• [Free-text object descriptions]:
===============

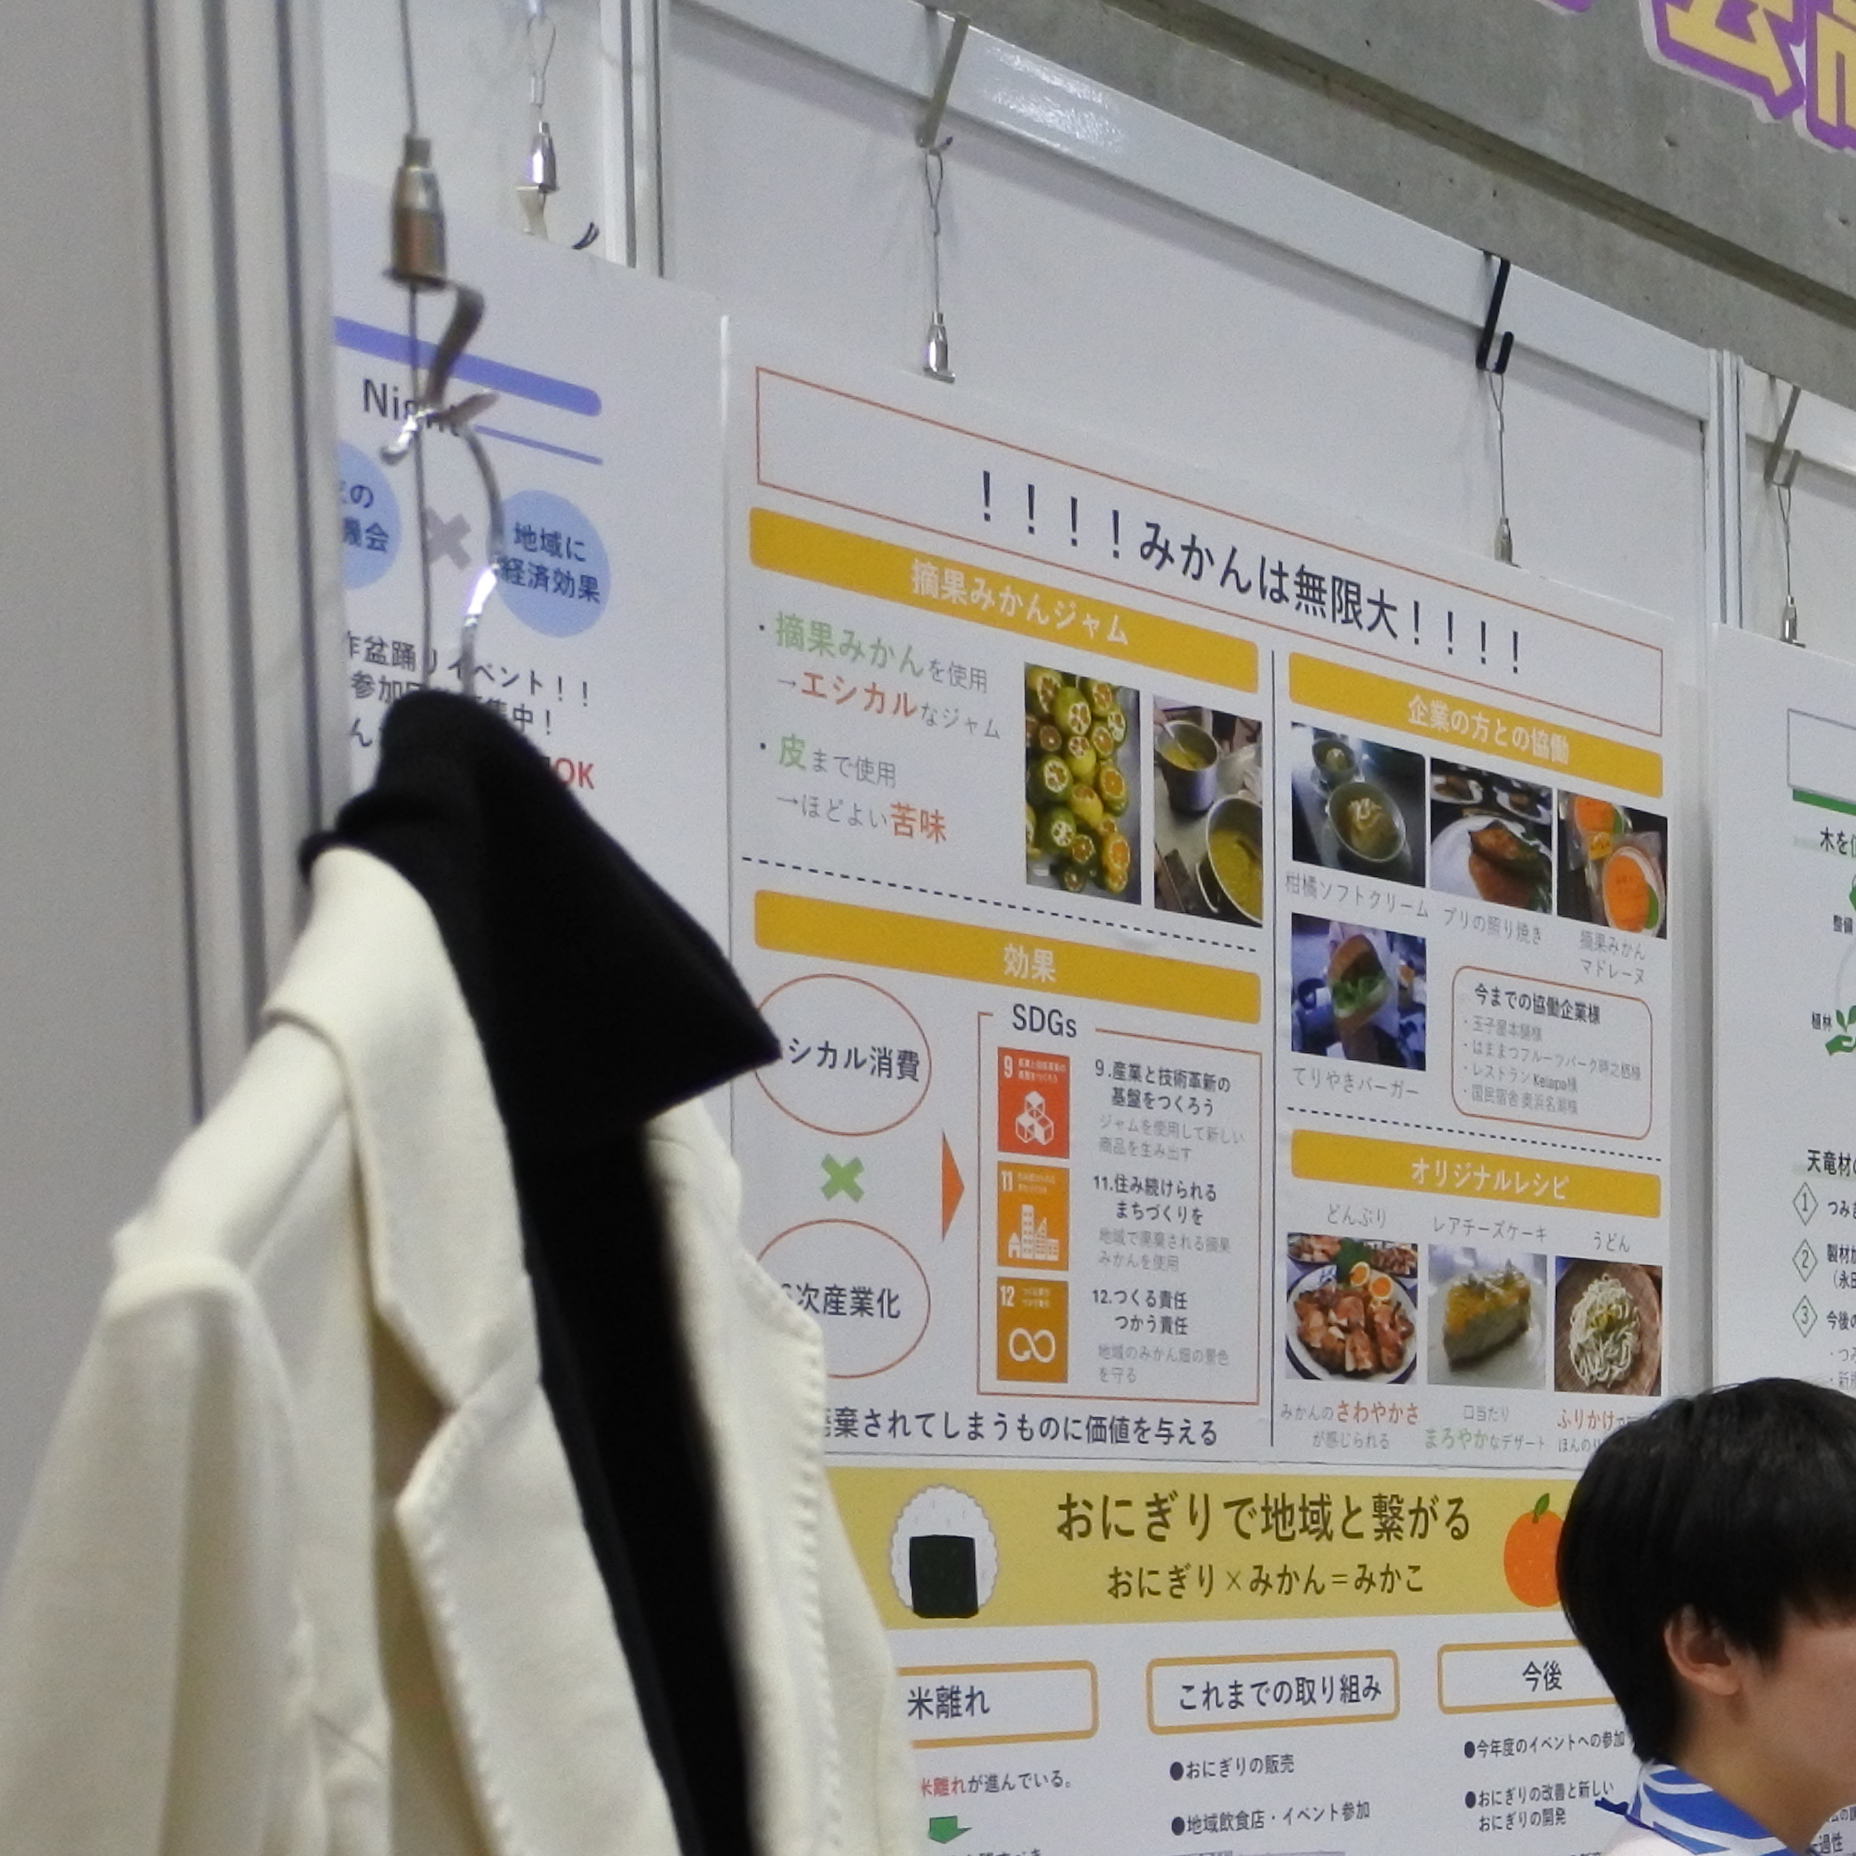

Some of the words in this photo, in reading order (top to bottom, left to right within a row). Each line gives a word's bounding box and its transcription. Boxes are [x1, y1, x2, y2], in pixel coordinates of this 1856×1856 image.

[514, 521, 587, 563] 地域に
[500, 555, 601, 604] 経済効果
[911, 559, 1129, 646] 摘果みかんジャム
[1408, 695, 1570, 766] 企業の方との協働
[778, 733, 897, 786] 皮まで使用
[1003, 943, 1057, 983] 効果
[1011, 1003, 1078, 1039] SDGs
[1411, 1158, 1570, 1200] オリジナルレシピ
[1327, 1203, 1388, 1227] どんぶり
[1433, 1215, 1548, 1241] レアチーズケーキ
[1592, 1230, 1630, 1253] うどん
[1056, 1491, 1472, 1544] おにぎりで地域と繋がる
[1179, 1674, 1382, 1712] これまでの取り組み
[1185, 1754, 1295, 1782] おにぎりの販売
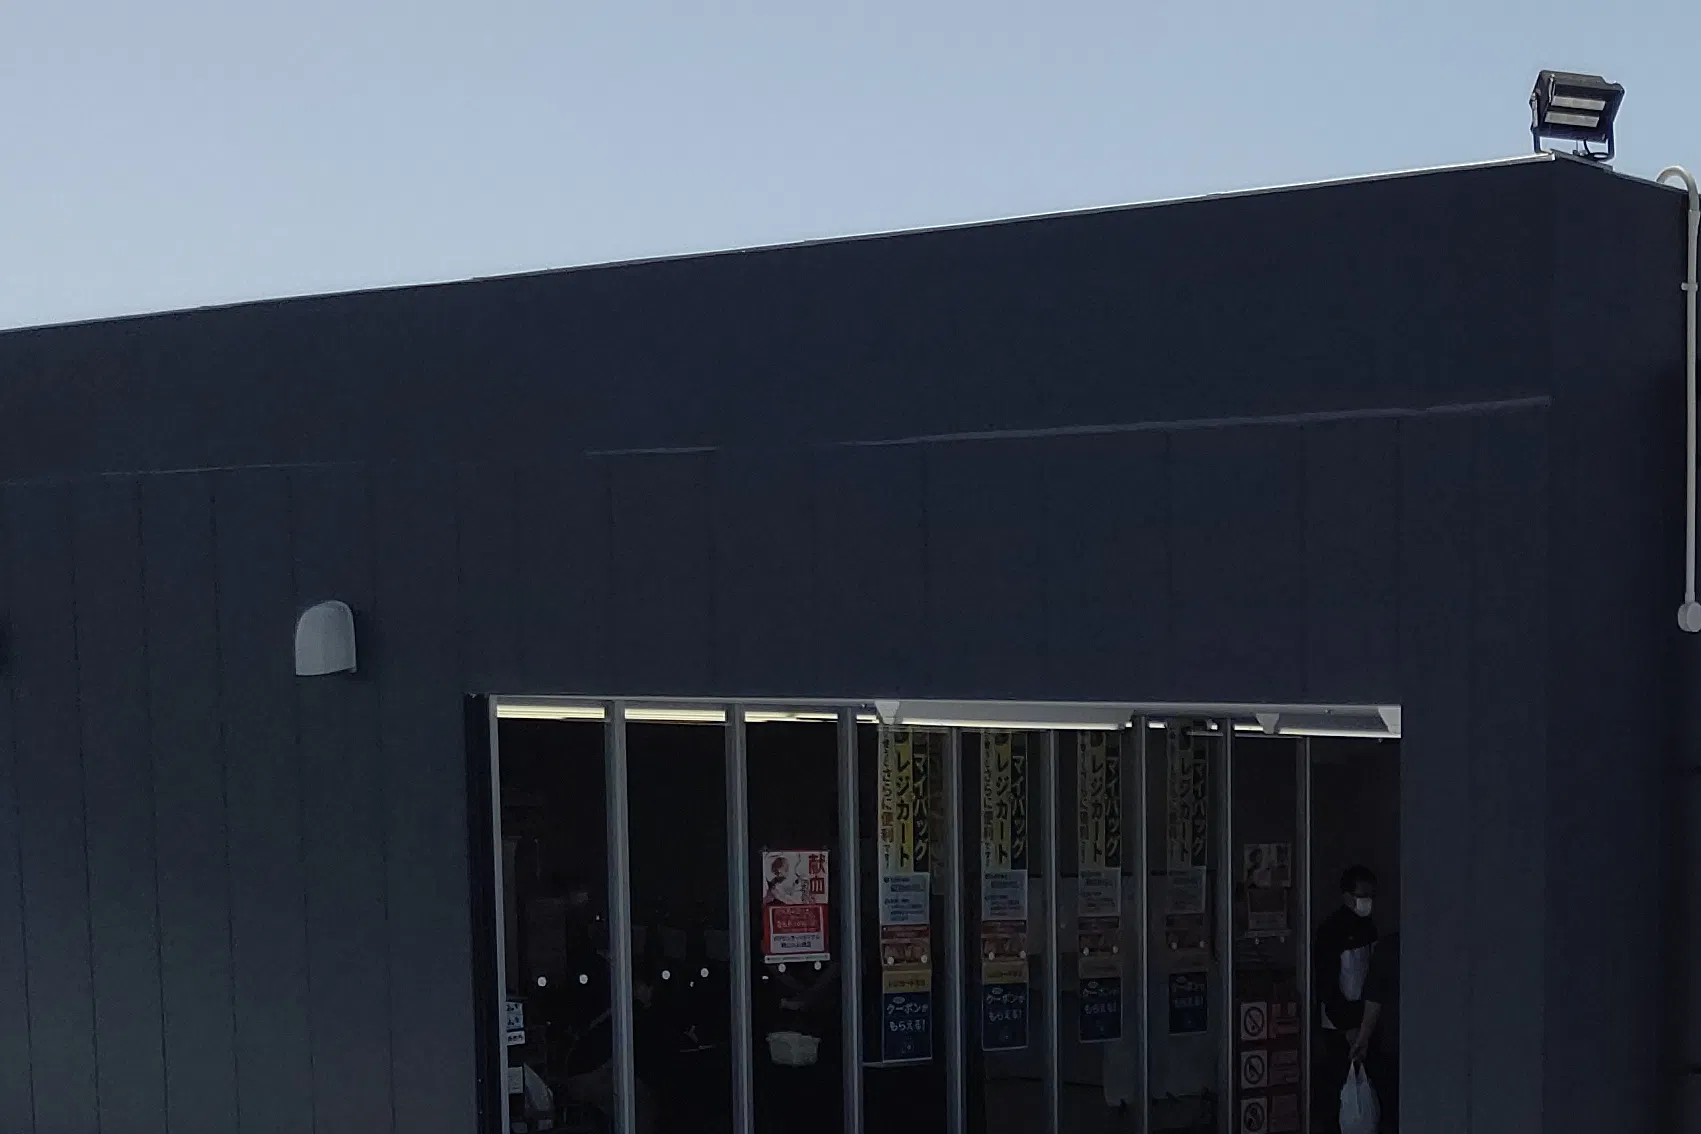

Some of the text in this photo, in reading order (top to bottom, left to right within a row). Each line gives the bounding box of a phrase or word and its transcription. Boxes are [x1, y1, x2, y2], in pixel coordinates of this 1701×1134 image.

[896, 752, 910, 868] レジカート
[913, 753, 929, 861] マイバッグ
[995, 752, 1009, 865] レジカート
[1011, 755, 1026, 859] マイバッグ
[808, 853, 826, 895] 献血
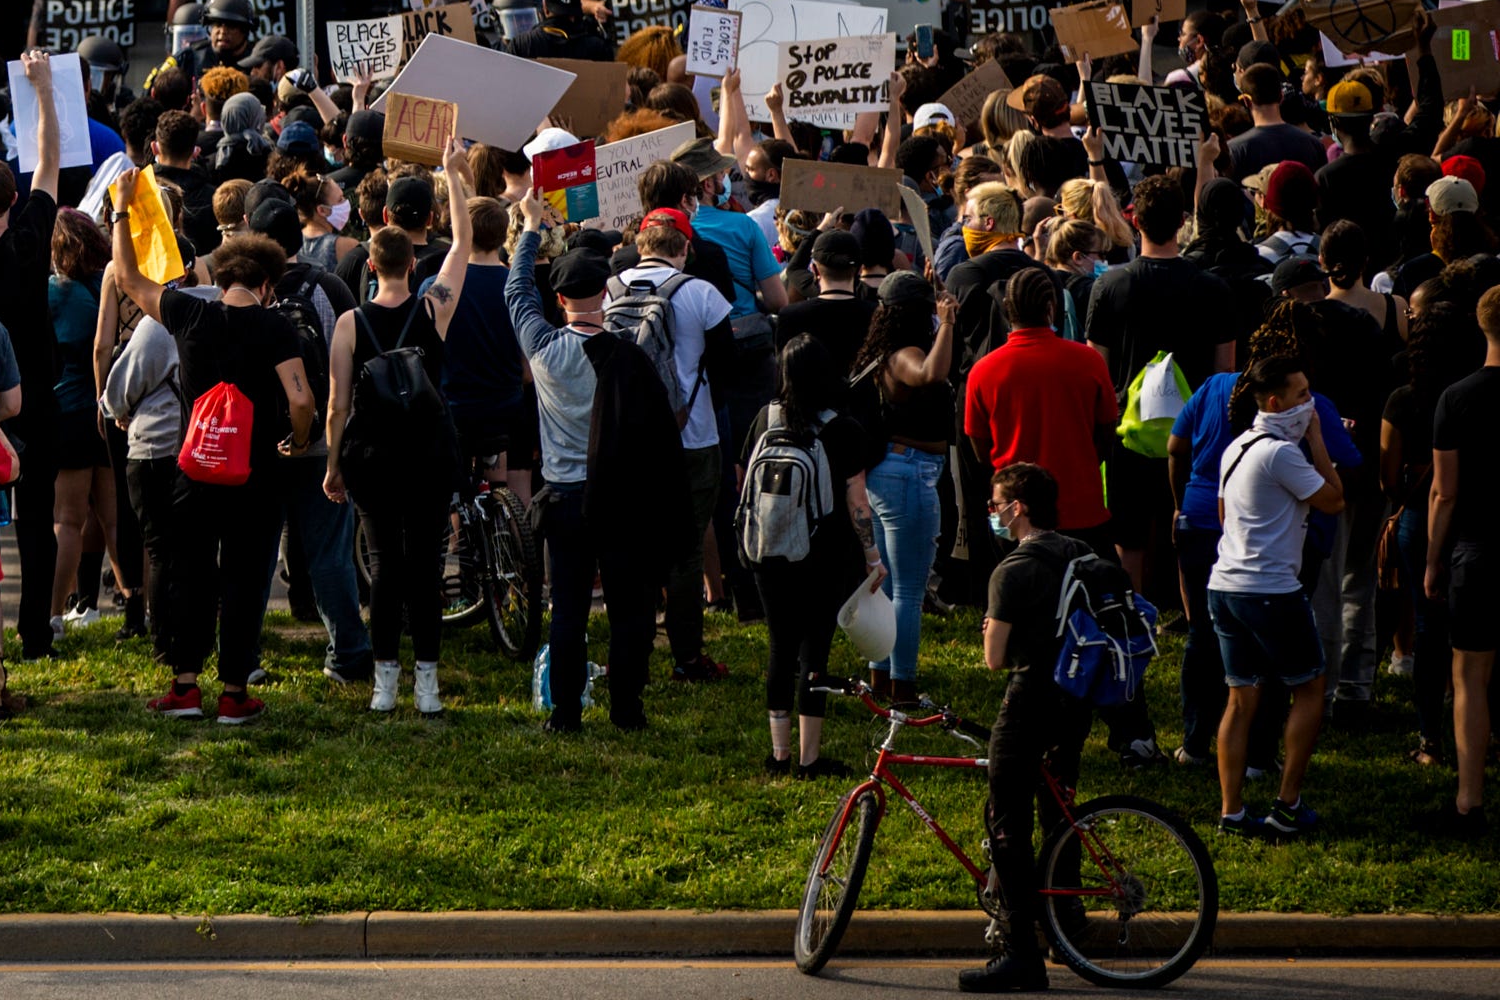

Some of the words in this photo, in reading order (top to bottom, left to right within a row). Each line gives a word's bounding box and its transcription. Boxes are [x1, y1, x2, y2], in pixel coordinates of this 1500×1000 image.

[971, 3, 1058, 33] OLICE
[336, 21, 391, 43] BLACK
[699, 27, 714, 61] FLOYD
[717, 17, 731, 62] GEORGE
[339, 38, 397, 60] LIVES
[333, 54, 393, 77] MATTER
[813, 62, 872, 84] POLICE
[1090, 82, 1204, 113] BLACK
[1096, 105, 1202, 140] LIVES
[609, 143, 633, 161] YOU
[641, 134, 666, 151] ARE
[597, 157, 644, 180] EUTRAL
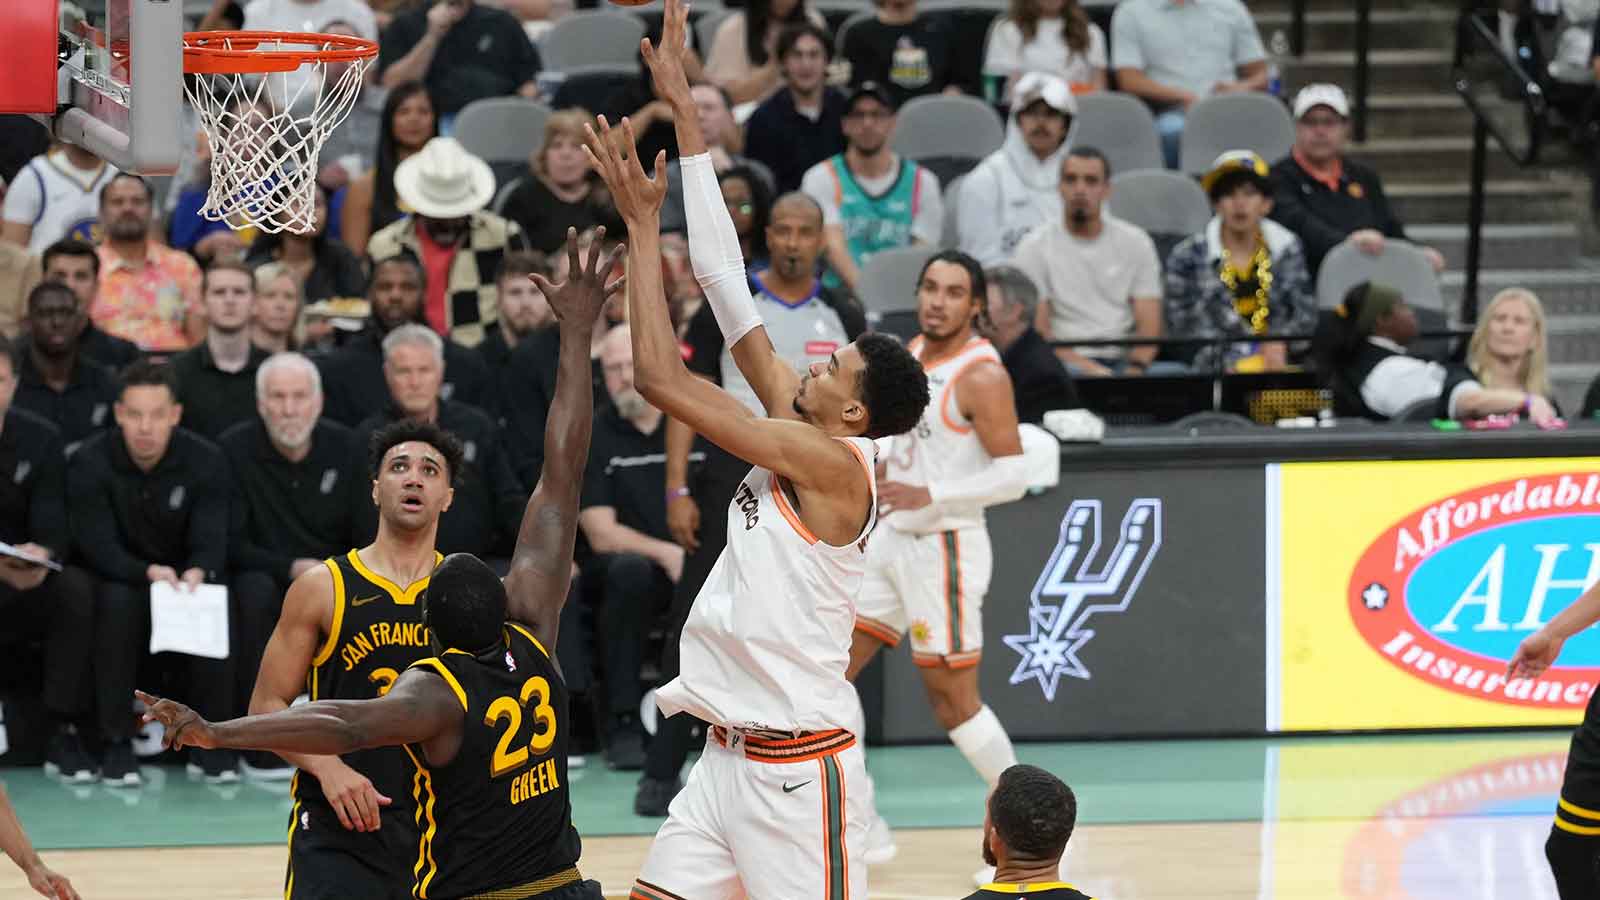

===============

• [Task details]:
Once the line containing "this 1500×1000 image." has been found, write out exactly that line and each one after it through the end of the data, leaving out every picture.

• [Task response]:
Some of the words in this photo, in reading order (top to bottom, left to right within a row). Each line gives a word's bounding box and its transcription. Boxes are [x1, y1, x2, y2], in pixel coordinates of this 1500×1000 image.

[971, 3, 1058, 33] OLICE
[336, 21, 391, 43] BLACK
[699, 27, 714, 61] FLOYD
[717, 17, 731, 62] GEORGE
[339, 38, 397, 60] LIVES
[333, 54, 393, 77] MATTER
[813, 62, 872, 84] POLICE
[1090, 82, 1204, 113] BLACK
[1096, 105, 1202, 140] LIVES
[609, 143, 633, 161] YOU
[641, 134, 666, 151] ARE
[597, 157, 644, 180] EUTRAL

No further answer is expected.